Before the first coffee break in an intercultural training session, you may have already covered the main introductory and culture-general ideas, such as stereotypes, culture shock and the iceberg.

Popular culture-general topics for intercultural training
  • what is culture?
  • the iceberg
  • the onion
  • stages of culture shock
  • stages of cultural sensitization
  • myths, stereotypes and realities

Assuming there’s a culture-specific part to the programme, you’ll need to tackle the key differences which make the culture unique, but still understandable from an outside perspective.

Good ways to introduce a specific culture to training participants include some history, some personal stories and some visual, taste or simulated experience. And then how can we take training participants’ instinctive reaction and curiosity and bring transferable understanding?

Twelve cultural differences for intercultural trainers

Here are the 12 differences we use to introduce cultural diversity, in a comparative way.

Space dimension icon Space, or personal openness. From a trainer’s point of view, this raises great discussion points about practical issues, such as the impact of social media at work, social situations, partnering and building trust. This touches on deeply-held beliefs about family, personal v private life and what’s relevant in a work situation.


Use of time dimension icon Use of time, or following agendas and schedules. Training participants get this cultural difference quickly too. Everyone has a story to share, possibly fresh from the very day of the training. How many minutes pass before someone is late? What’s the right way to follow an agenda or to view a project plan?


Time spans dimension icon Time spans, or attitudes to tradition and future visions. In most organisations there is a change process happening, and it might even be the reason for the training. Depending on the kind of change, some will want to follow the vision while others might prefer to hold on to traditions, or look to the past for inspiration. This can be a sensitive but rich topic in training situations.


Fate dimension icon Fate, or responses to challenging circumstances. Most teams and individuals will have experience of dealing with negative events. They could be global and economic, business restructuring, crisis or more local, for example uncertainty after the loss of a key person. The responses differ, and belief in our ability to influence events is an important factor here. Trainers have a great opportunity to explore the sources of motivation for training participants when the going gets tough and the commonly accepted responses in different cultures.


Rules dimension icon Rules, or interpreting laws and regulations according to the situation. Following the rules and not following the rules can become a source of great frustration in everyday cross-cultural life. Understanding of this cultural difference is especially relevant in working life in contract negotiations and implementing agreements. Many training participants have already identified this as a problem in their work and practical examples are quick to emerge in discussions during training.


Power dimension icon Power, or dealing with bosses and junior people. Almost every training participant is rightly concerned to have a successful relationship with their boss, or the team that works for them. Participants with some experience are often willing to share opinions on what works and doesn’t work. Training participants are typically also motivated to understand better how hierarchies work across their whole organisation, the supply chain, public authorities and customer organisations. Skill at dealing with senior people from other cultures and showing leadership across cultures are often part of the business reasons for running intercultural training.
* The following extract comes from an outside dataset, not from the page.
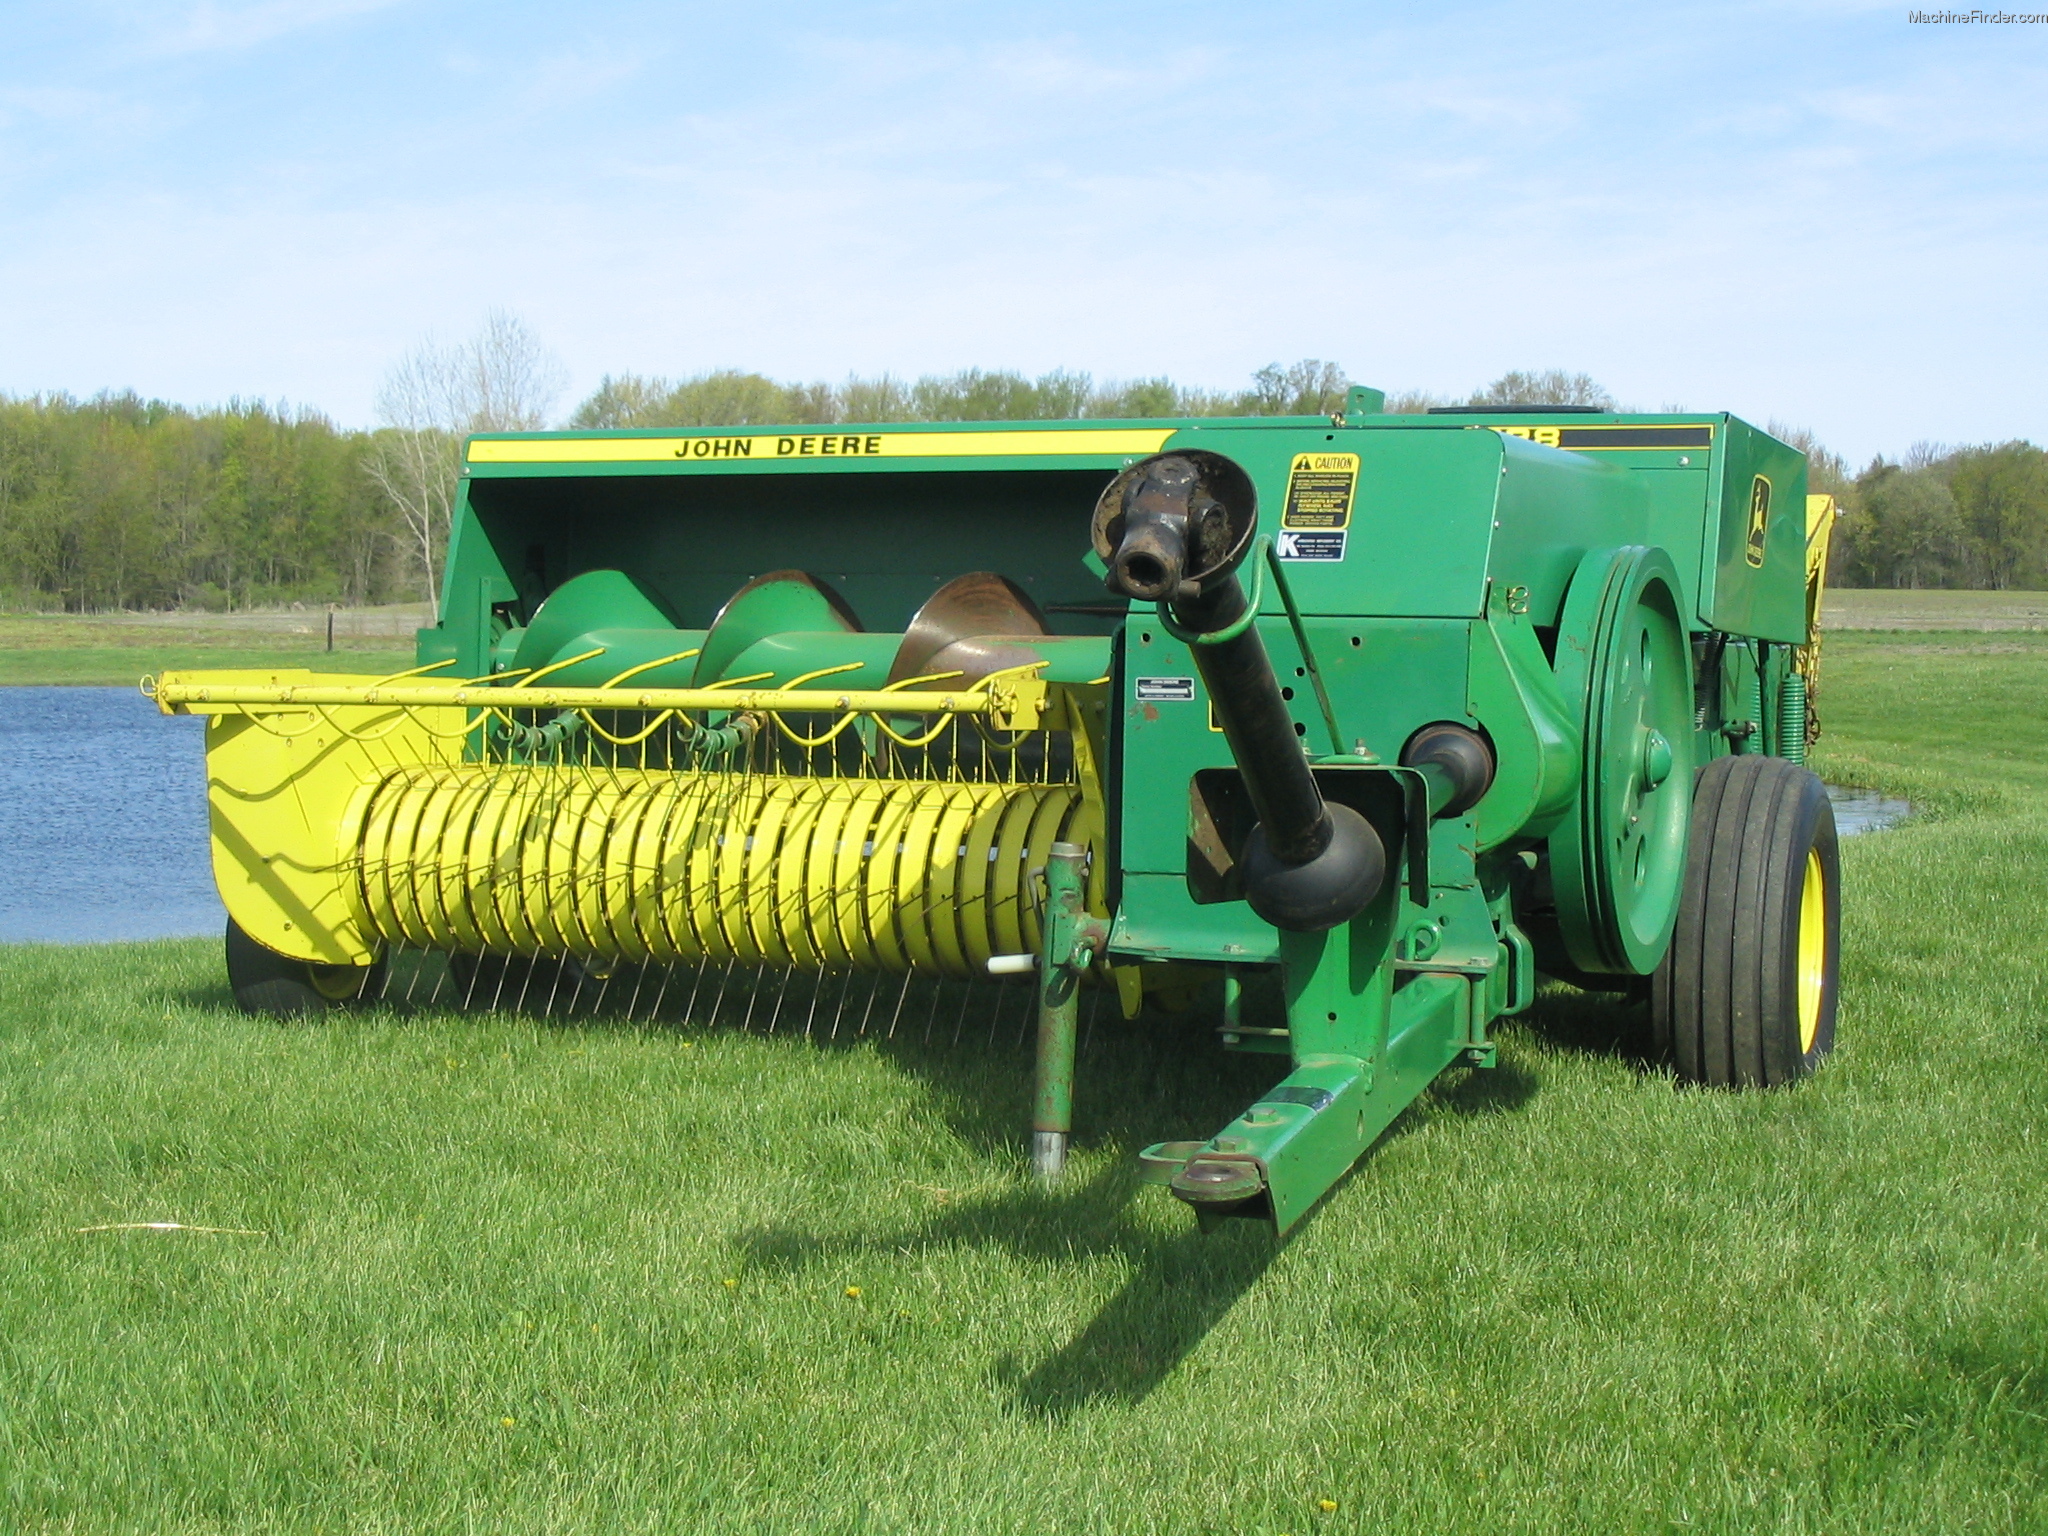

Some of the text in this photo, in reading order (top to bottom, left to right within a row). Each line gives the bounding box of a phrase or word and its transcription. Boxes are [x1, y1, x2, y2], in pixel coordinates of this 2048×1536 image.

Responsibility dimension icon Responsibility, or taking the initiative. This key difference relates to very practical matters: what gets done and who decides on a day-to-day business. Getting the right amount of authority to decide your own work is sensitive and a key part of motivation. Cultural expectations differ. For trainers willing to tackle sensitive topics and achieve change, the result can be a breakthrough in understanding, collaboration and performance in multicultural teams and relationships with managers.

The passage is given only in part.